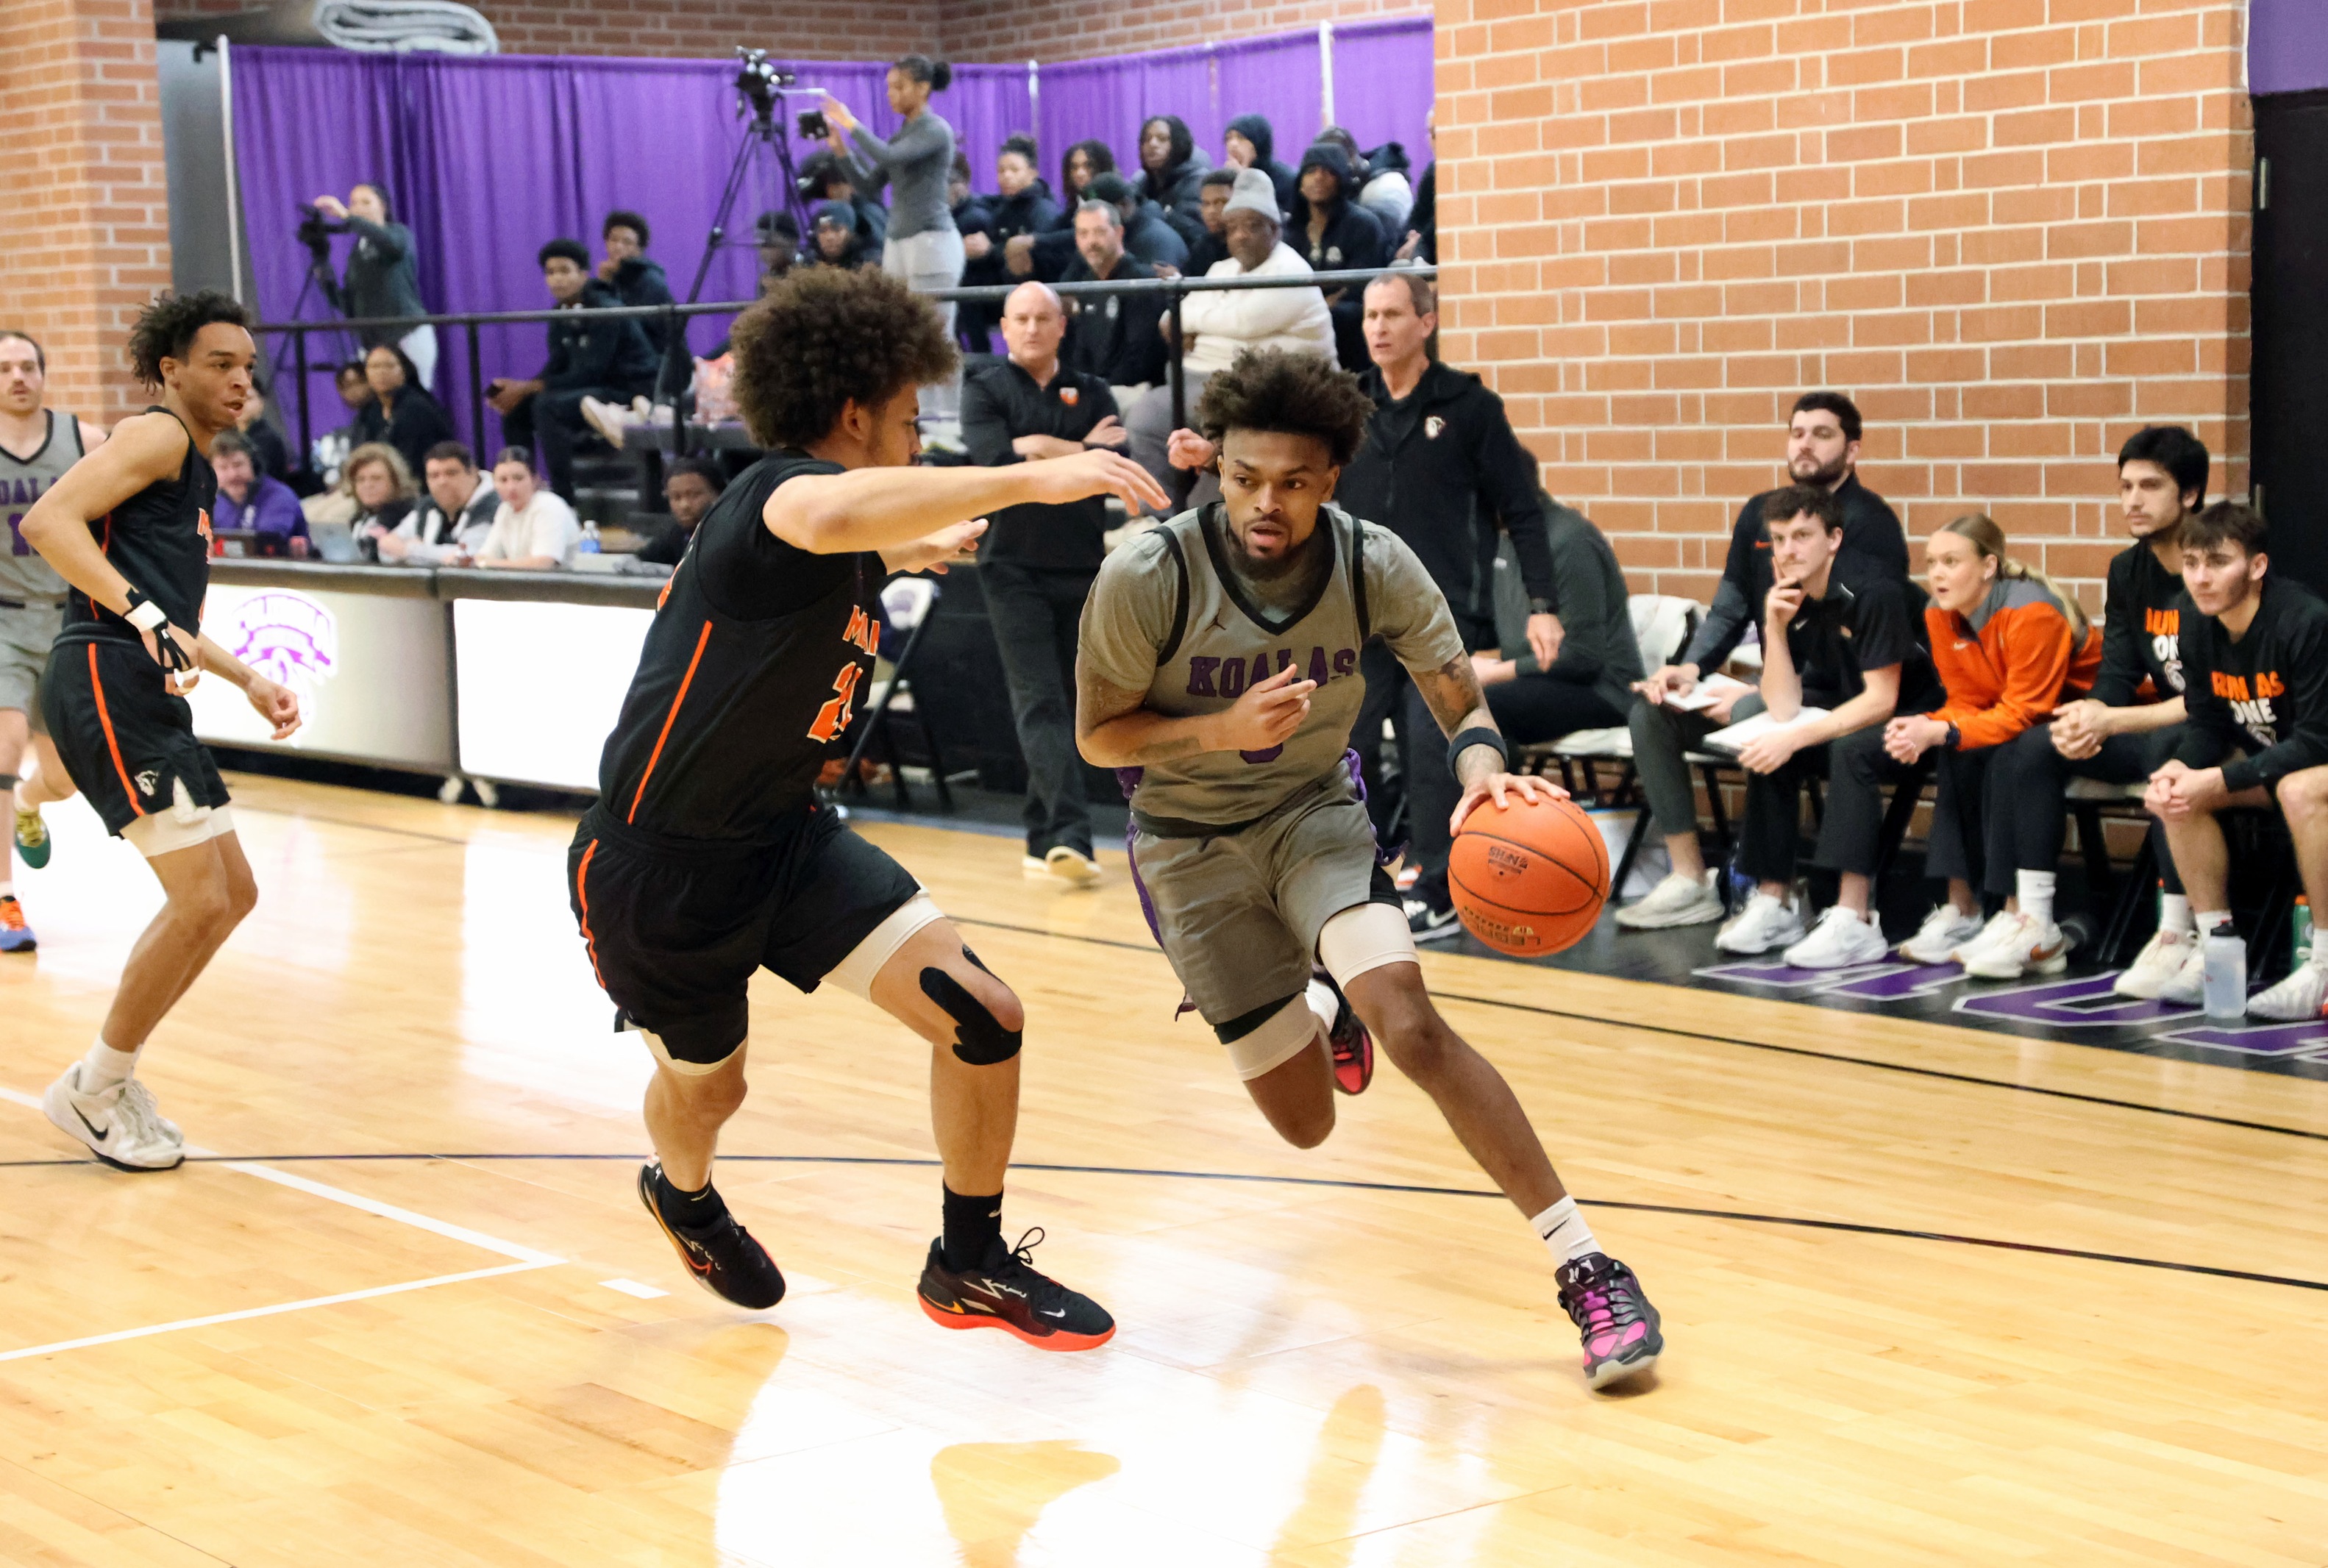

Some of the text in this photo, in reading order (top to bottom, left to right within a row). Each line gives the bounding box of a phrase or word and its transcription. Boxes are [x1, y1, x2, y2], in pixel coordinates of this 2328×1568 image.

[0, 477, 59, 505] OAL
[1186, 646, 1356, 698] KOALAS
[2211, 670, 2285, 703] RN AS
[2229, 698, 2277, 724] ONE
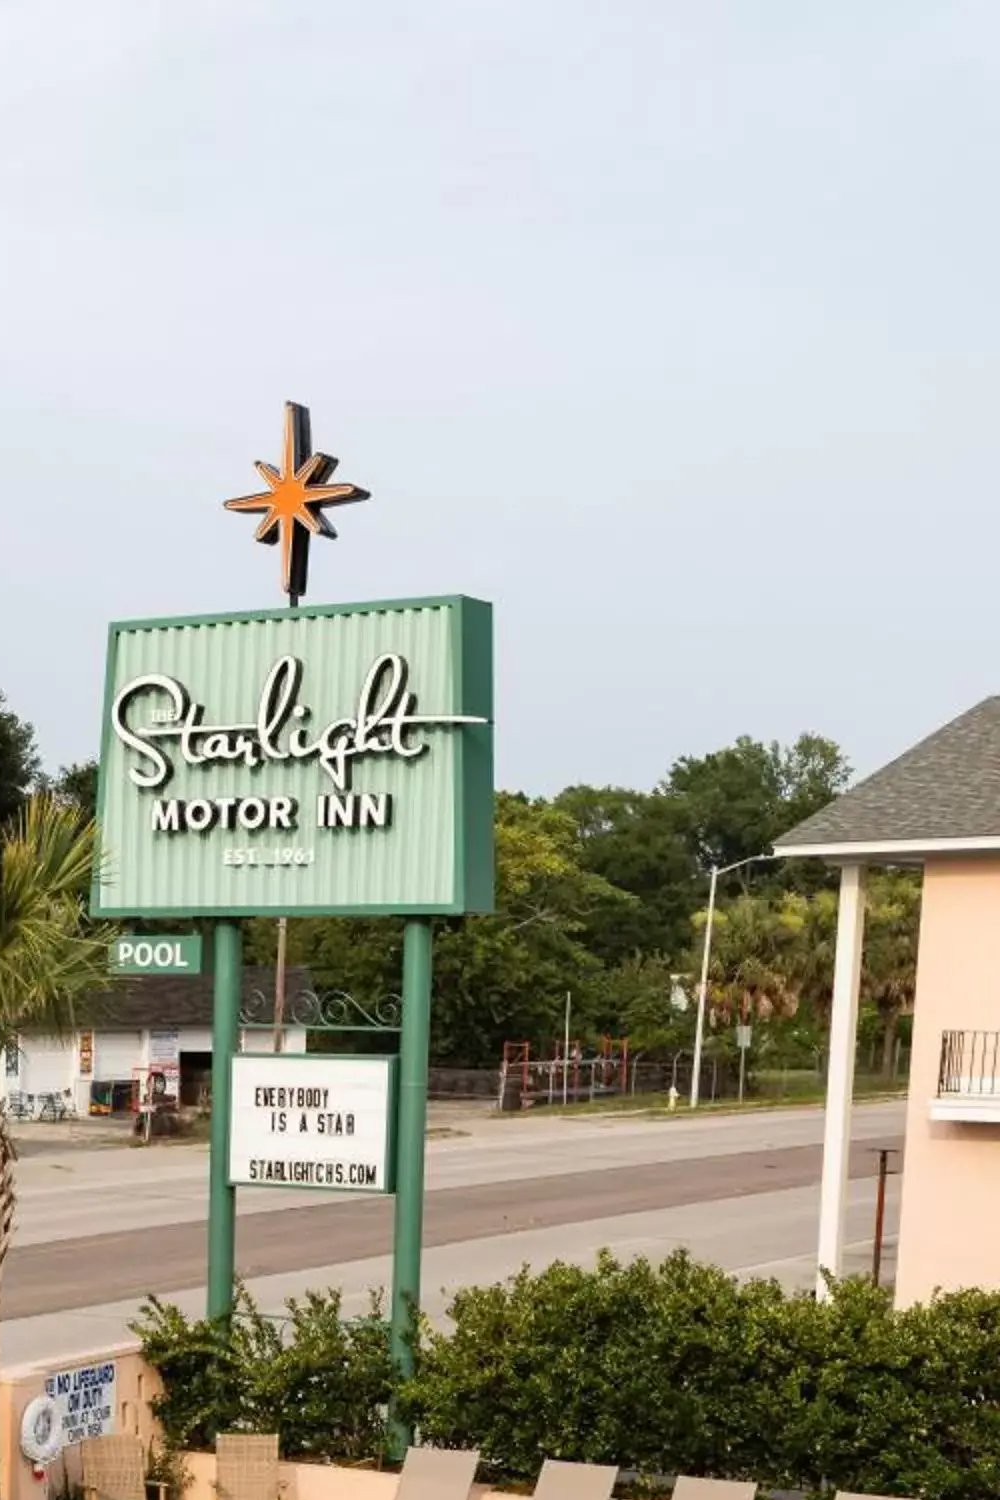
++++
### What to produce
Repeat the listing above word for word, omitting the pictures.

### Output of the exercise
Some of the text in this photo, in reading order (top to bottom, left to right within a row). Each line gives the bounding box of a phrase or word and its transcription. Boxes are [x1, y1, x2, y2], in pixel coordinates of this 2328×1568 image.

[0, 477, 59, 505] OAL
[1186, 646, 1356, 698] KOALAS
[2211, 670, 2285, 703] RN AS
[2229, 698, 2277, 724] ONE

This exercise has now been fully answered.